(Provided data)

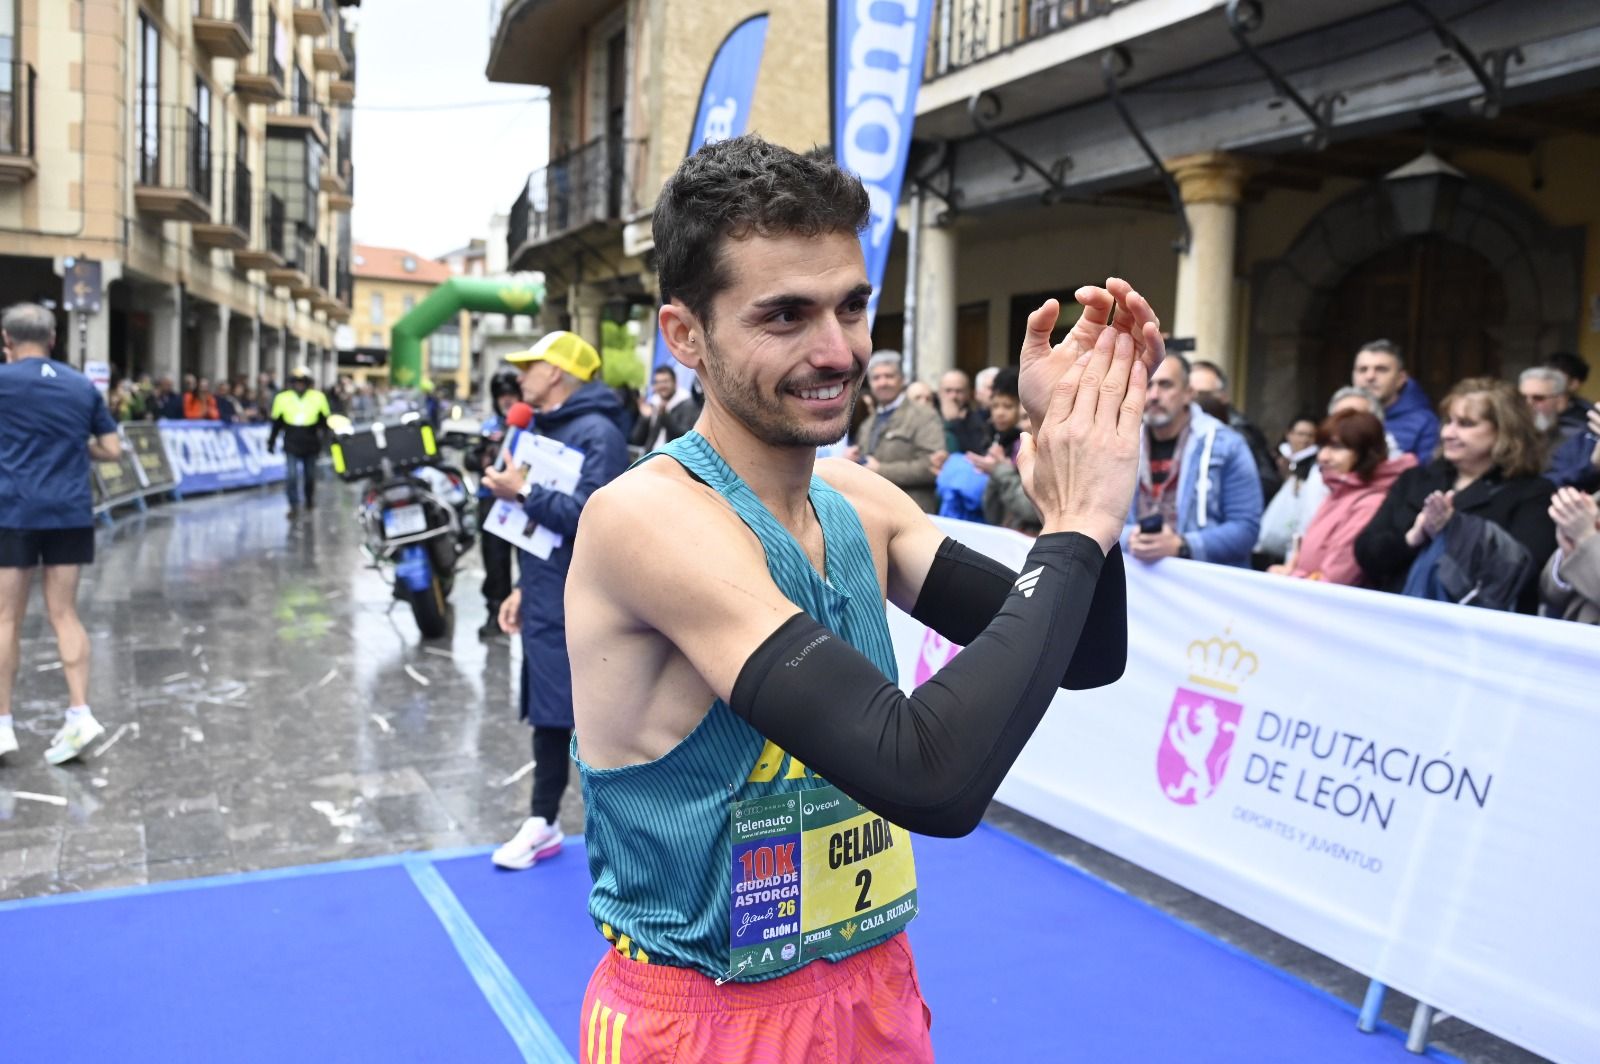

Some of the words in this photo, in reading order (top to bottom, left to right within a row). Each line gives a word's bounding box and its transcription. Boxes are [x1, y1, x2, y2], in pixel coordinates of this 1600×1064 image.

[1256, 710, 1493, 809] DIPUTACIÓN
[815, 799, 840, 812] VEOLIA
[1244, 753, 1288, 794] DE
[1294, 768, 1395, 830] LEÓN
[736, 814, 793, 834] Telenauto
[1231, 805, 1296, 842] DEPORTES
[1298, 830, 1308, 844] Y
[1307, 834, 1383, 874] JUVENTUD
[738, 842, 796, 883] 10K
[828, 819, 893, 870] CELADA
[735, 884, 799, 908] ASTORGA
[736, 875, 781, 894] CIUDAD
[784, 871, 798, 884] DE
[855, 869, 872, 912] 2
[763, 923, 791, 939] CAJÓN
[792, 921, 799, 933] A
[860, 914, 885, 932] CAJA
[886, 899, 914, 920] RURAL

(End Provided data)

▸ **What to work on**: Whenever a picture appears, leave it out, and return every record exactly.

▸ **Answer box**:
Some of the words in this photo, in reading order (top to bottom, left to right within a row). Each line gives a word's bounding box and its transcription. Boxes are [x1, y1, x2, y2], in pixel coordinates of this 1600×1064 image.

[1256, 710, 1493, 809] DIPUTACIÓN
[815, 799, 840, 812] VEOLIA
[1244, 753, 1288, 794] DE
[1294, 768, 1395, 830] LEÓN
[736, 814, 793, 834] Telenauto
[1231, 805, 1296, 842] DEPORTES
[1298, 830, 1308, 844] Y
[1307, 834, 1383, 874] JUVENTUD
[738, 842, 796, 883] 10K
[828, 819, 893, 870] CELADA
[735, 884, 799, 908] ASTORGA
[736, 875, 781, 894] CIUDAD
[784, 871, 798, 884] DE
[855, 869, 872, 912] 2
[763, 923, 791, 939] CAJÓN
[792, 921, 799, 933] A
[860, 914, 885, 932] CAJA
[886, 899, 914, 920] RURAL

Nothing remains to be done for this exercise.